Starting at the line with "this 1366×1536 image.", copy each line through the last one below exactly as written, without any pictures.
[Records provided Boundary: Start]
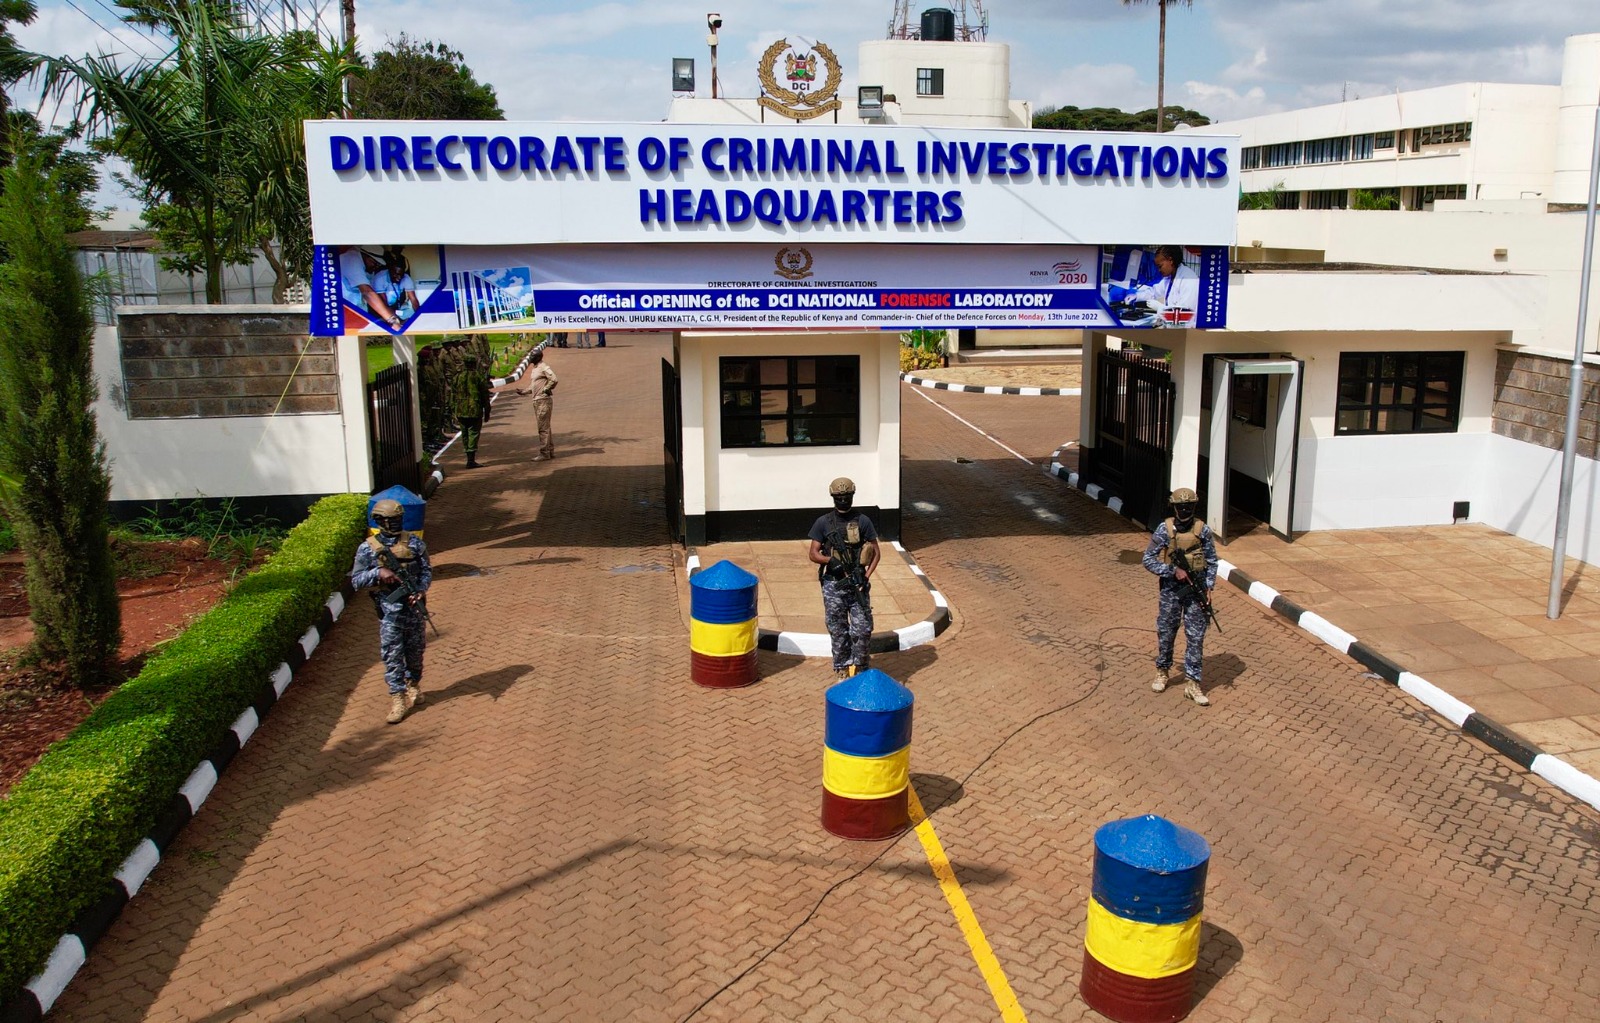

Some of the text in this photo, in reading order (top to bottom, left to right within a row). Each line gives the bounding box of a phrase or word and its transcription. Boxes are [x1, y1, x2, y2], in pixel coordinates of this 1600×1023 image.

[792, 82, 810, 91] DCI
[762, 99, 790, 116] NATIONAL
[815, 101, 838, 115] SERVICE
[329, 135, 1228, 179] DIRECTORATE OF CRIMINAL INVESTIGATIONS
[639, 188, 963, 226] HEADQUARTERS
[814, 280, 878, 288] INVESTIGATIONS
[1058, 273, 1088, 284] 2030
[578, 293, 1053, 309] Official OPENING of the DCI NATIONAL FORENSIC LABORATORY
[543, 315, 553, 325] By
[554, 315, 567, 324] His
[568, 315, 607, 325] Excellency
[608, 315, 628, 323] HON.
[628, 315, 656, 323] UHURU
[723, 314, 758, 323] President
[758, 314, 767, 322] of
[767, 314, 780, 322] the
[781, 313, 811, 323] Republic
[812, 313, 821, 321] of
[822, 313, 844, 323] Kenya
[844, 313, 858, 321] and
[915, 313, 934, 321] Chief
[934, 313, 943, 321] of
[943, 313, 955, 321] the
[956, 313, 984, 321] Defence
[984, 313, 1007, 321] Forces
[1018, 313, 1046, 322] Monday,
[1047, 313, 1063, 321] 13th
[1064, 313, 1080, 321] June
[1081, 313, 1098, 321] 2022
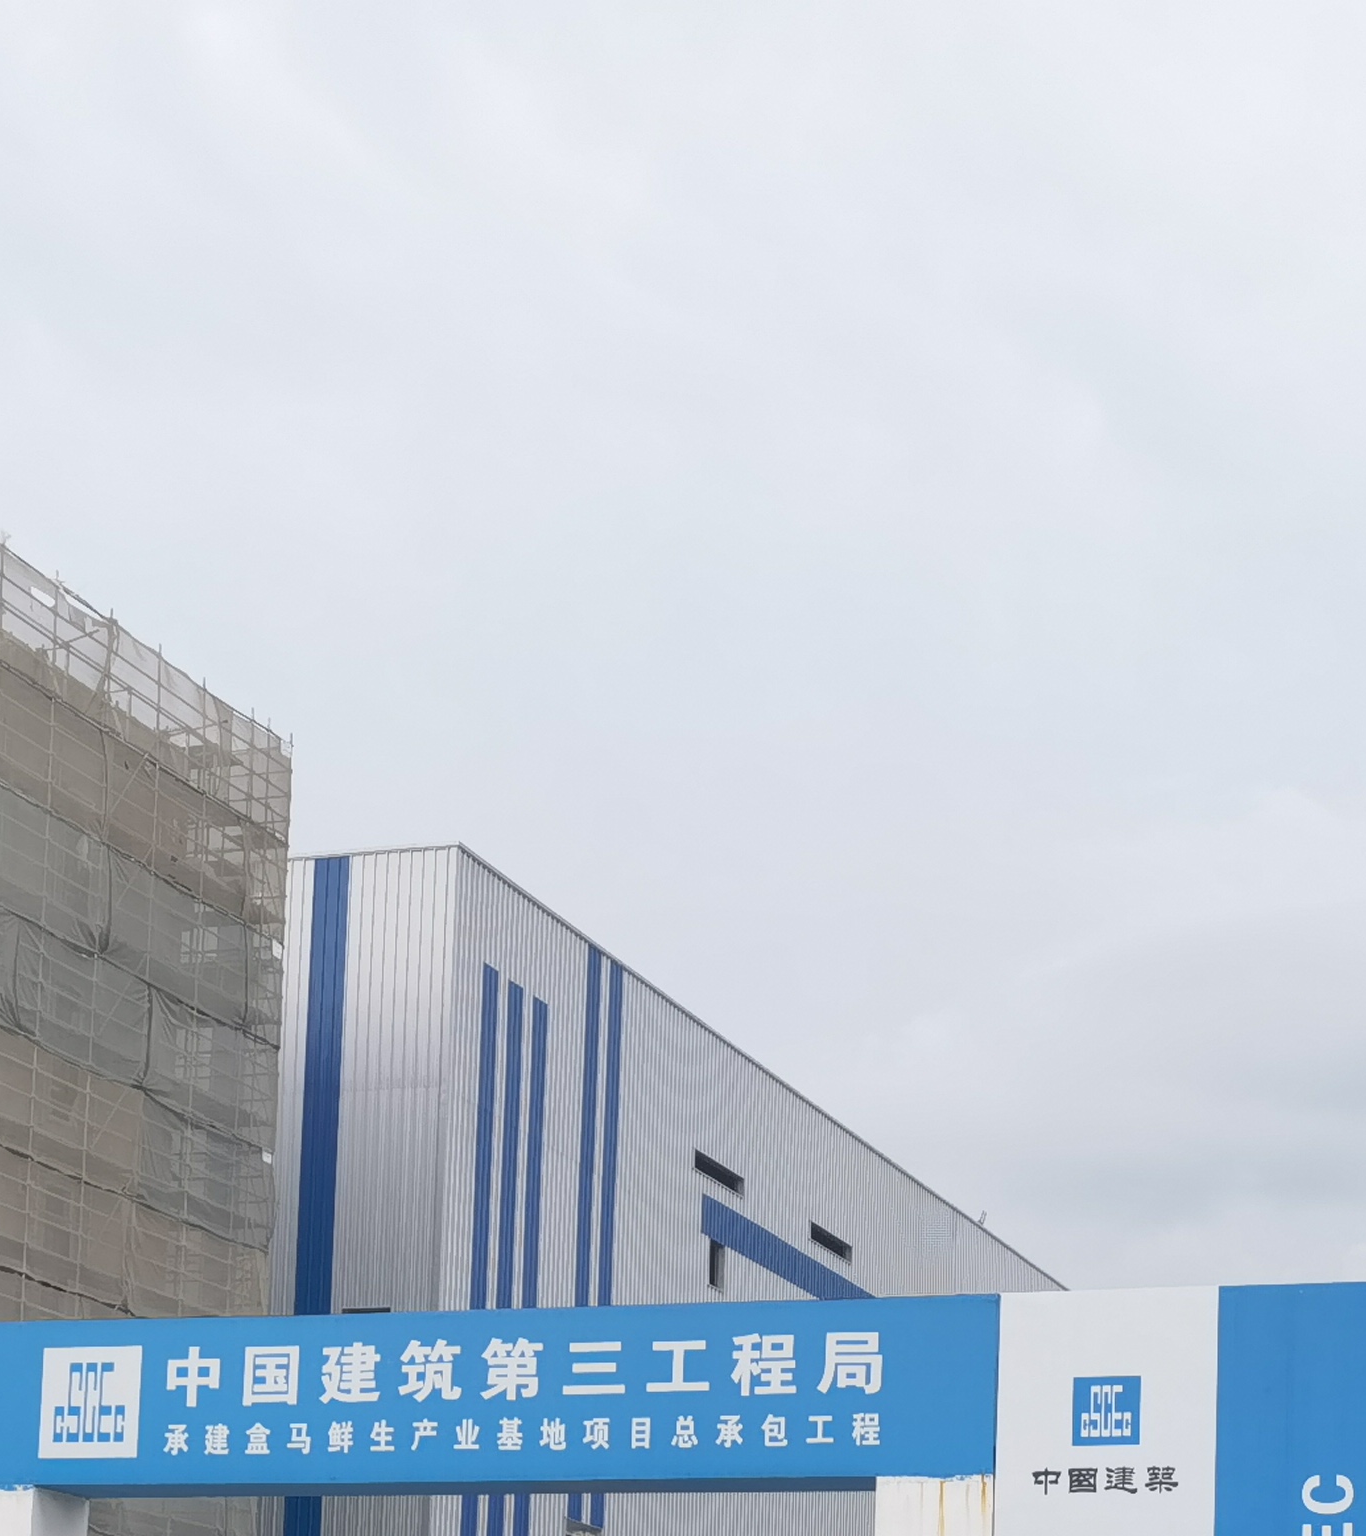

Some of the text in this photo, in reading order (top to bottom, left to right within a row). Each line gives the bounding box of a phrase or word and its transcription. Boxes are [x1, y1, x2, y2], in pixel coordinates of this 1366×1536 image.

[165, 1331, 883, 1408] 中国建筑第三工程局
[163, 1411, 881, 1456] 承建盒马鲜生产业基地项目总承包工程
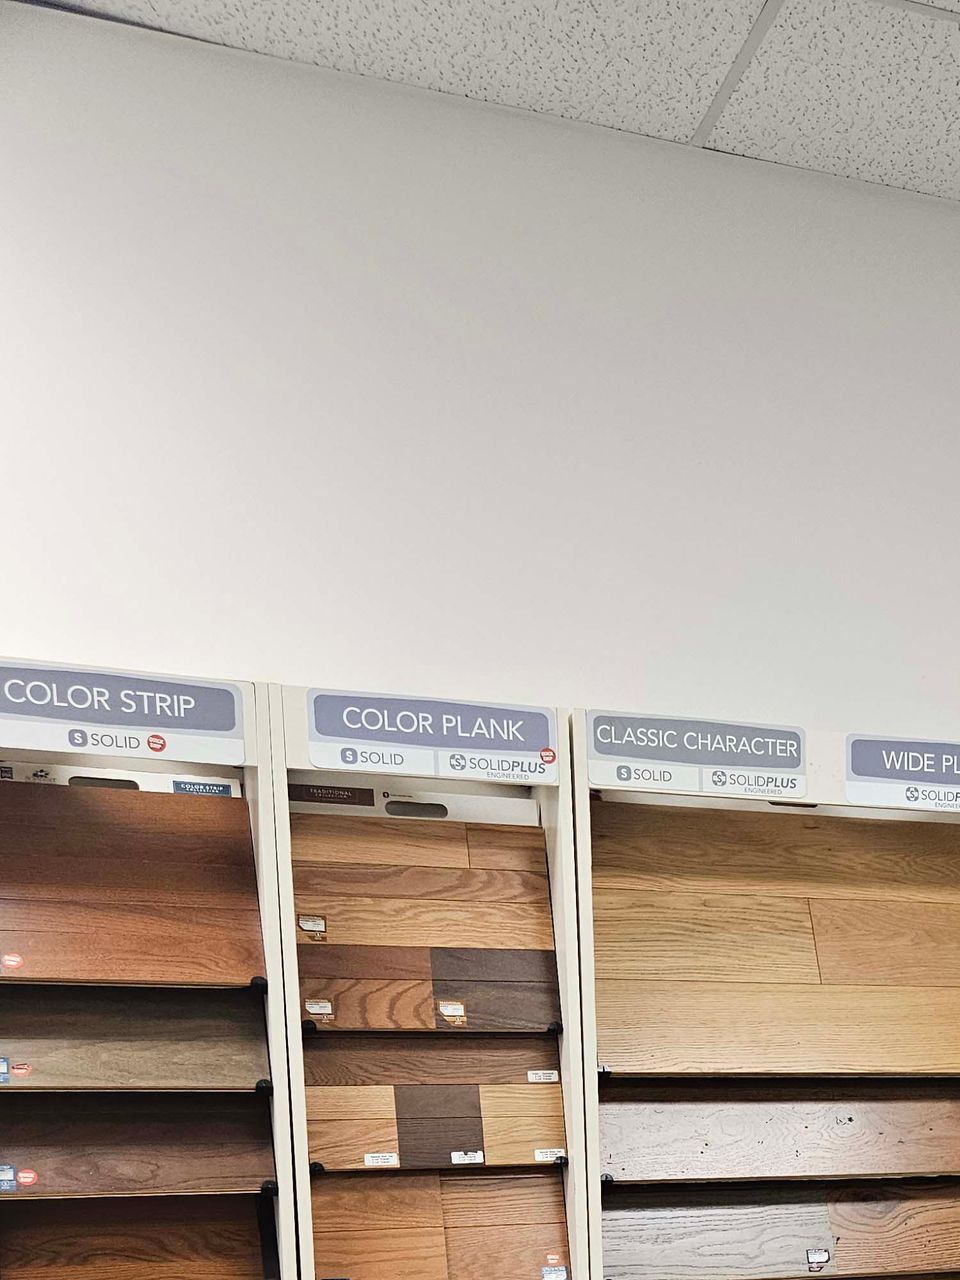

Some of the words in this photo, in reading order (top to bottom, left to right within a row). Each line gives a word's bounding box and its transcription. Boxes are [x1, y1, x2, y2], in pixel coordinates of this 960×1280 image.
[Records provided Boundary: End]
Exercise solution:
Some of the text in this photo, in reading order (top to bottom, left to right within a row). Each line gives the bounding box of a phrase or word and its transcription. Boxes are [x1, y1, x2, y2], in pixel coordinates of this 1366×1536 image.

[165, 1331, 883, 1408] 中国建筑第三工程局
[163, 1411, 881, 1456] 承建盒马鲜生产业基地项目总承包工程

Some of the words in this photo, in reading order (top to bottom, left to right within a row). Each line gives a word's bounding box and its transcription. Boxes are [x1, y1, x2, y2], in pixel coordinates of this 960×1280 image.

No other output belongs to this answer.